++++ Supplied records

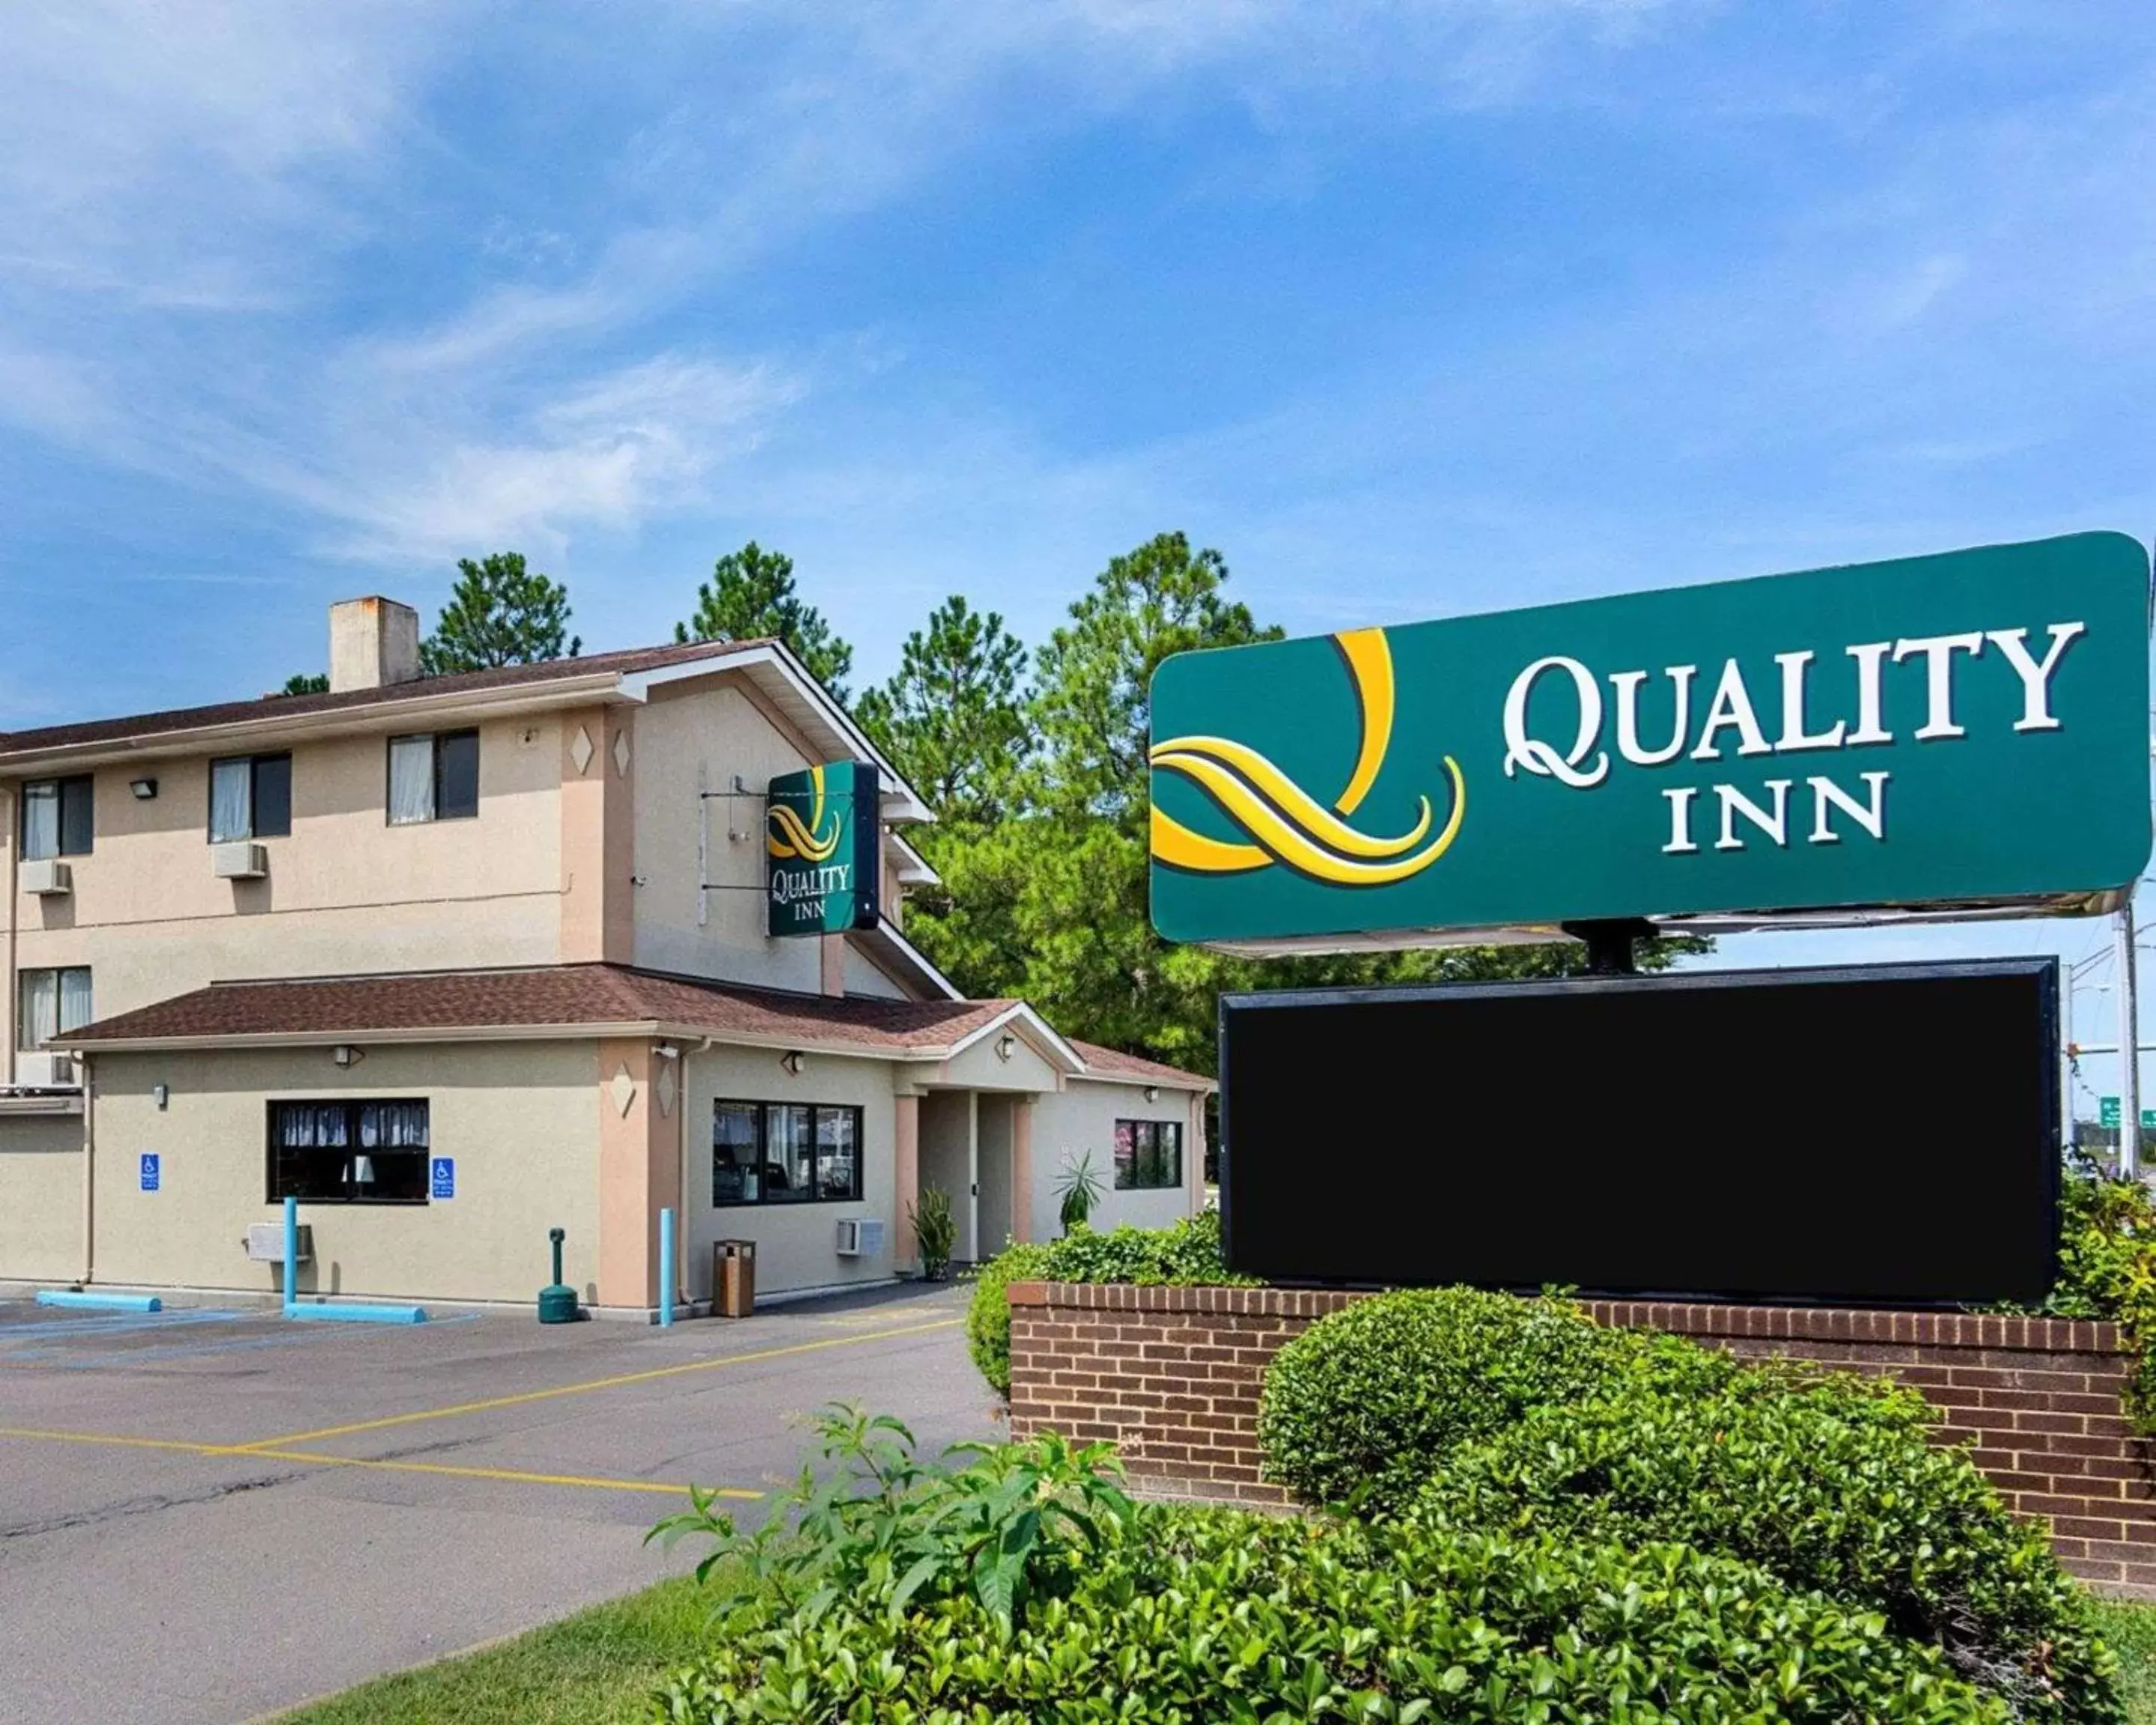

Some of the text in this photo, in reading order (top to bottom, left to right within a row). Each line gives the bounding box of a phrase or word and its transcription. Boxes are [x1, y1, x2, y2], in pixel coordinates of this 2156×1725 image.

[1503, 621, 2084, 788] QUALITY
[1662, 771, 1889, 852] INN
[773, 864, 850, 904] QUALITY
[794, 900, 826, 920] INN
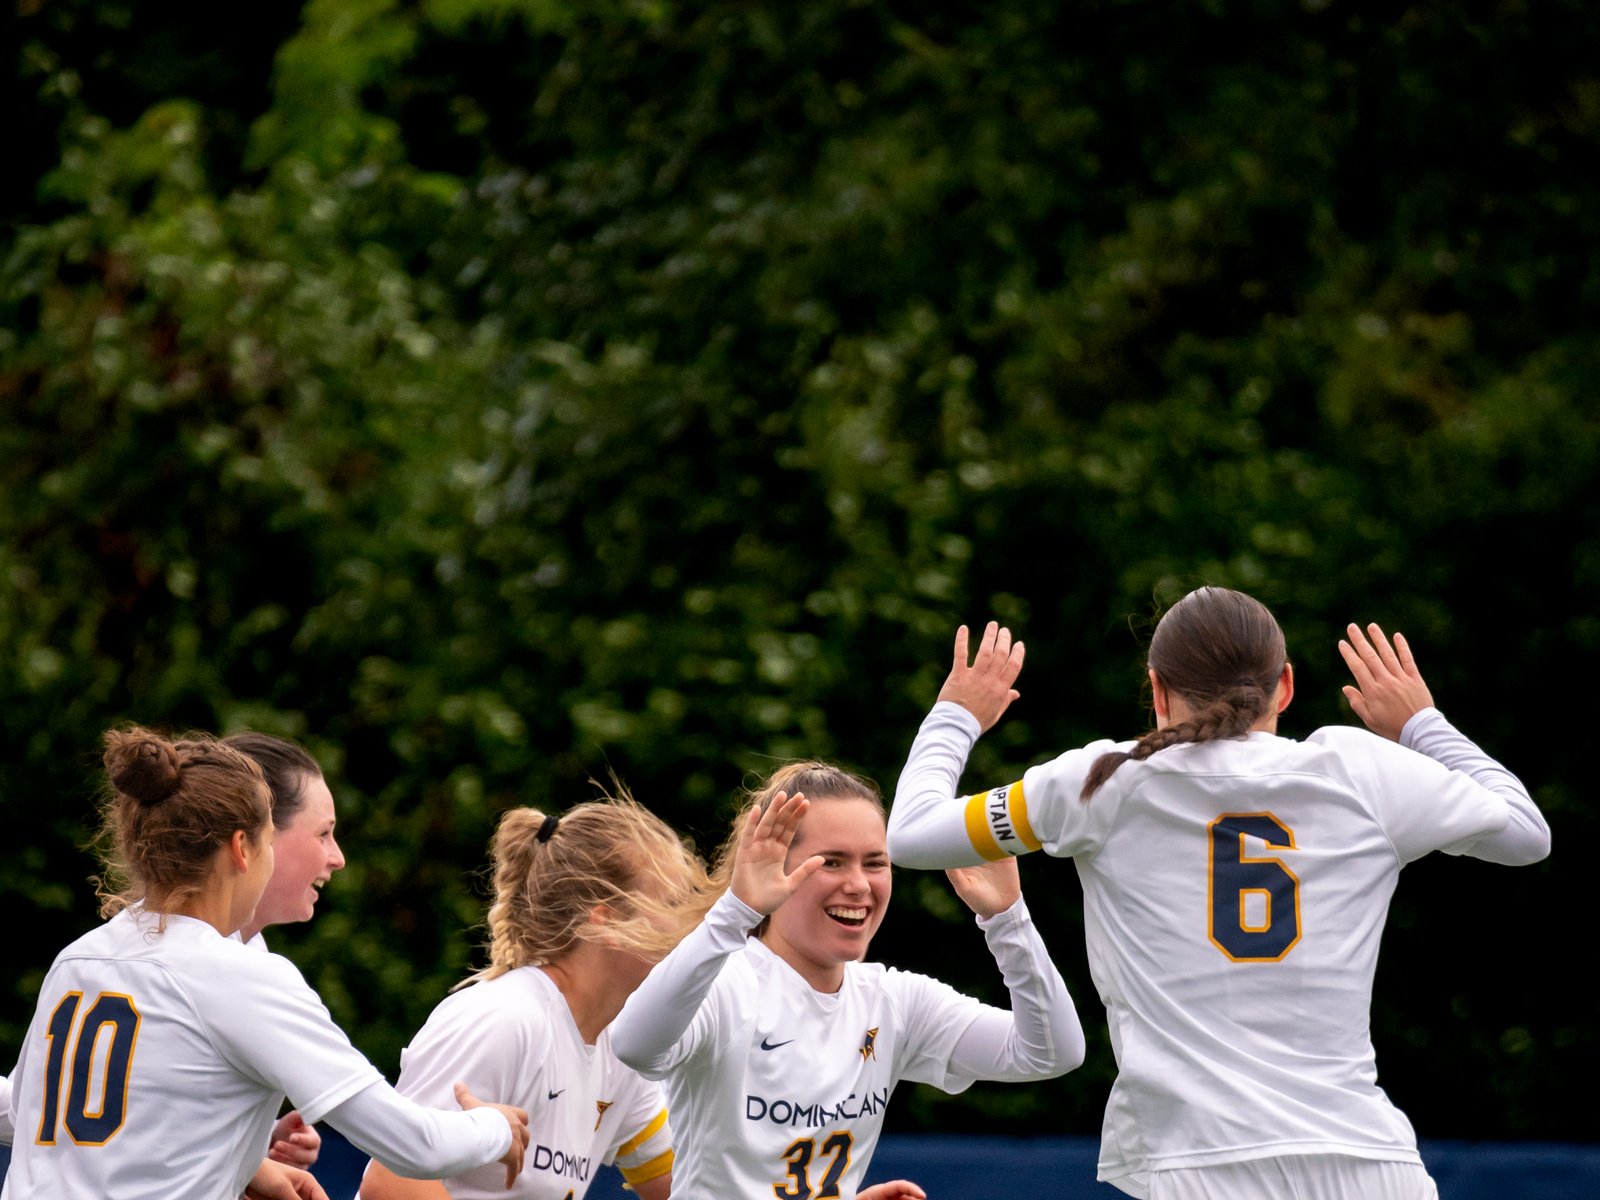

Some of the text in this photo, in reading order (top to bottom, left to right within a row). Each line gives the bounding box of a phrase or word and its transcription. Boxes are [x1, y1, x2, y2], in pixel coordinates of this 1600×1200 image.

[1206, 811, 1302, 963] 6
[34, 990, 142, 1147] 10
[746, 1087, 888, 1128] DOMINICAN

++++++++

__Exercise details__: When copying the entries, drop the images and keep every line exact.

__Solution for this problem__:
Some of the text in this photo, in reading order (top to bottom, left to right within a row). Each line gives the bounding box of a phrase or word and its transcription. Boxes are [x1, y1, x2, y2], in pixel coordinates of this 2156×1725 image.

[1503, 621, 2084, 788] QUALITY
[1662, 771, 1889, 852] INN
[773, 864, 850, 904] QUALITY
[794, 900, 826, 920] INN

Some of the text in this photo, in reading order (top to bottom, left to right within a row). Each line gives the bounding box of a phrase or word and its transcription. Boxes are [x1, y1, x2, y2], in pixel coordinates of this 1600×1200 image.

[1206, 811, 1302, 963] 6
[34, 990, 142, 1147] 10
[746, 1087, 888, 1128] DOMINICAN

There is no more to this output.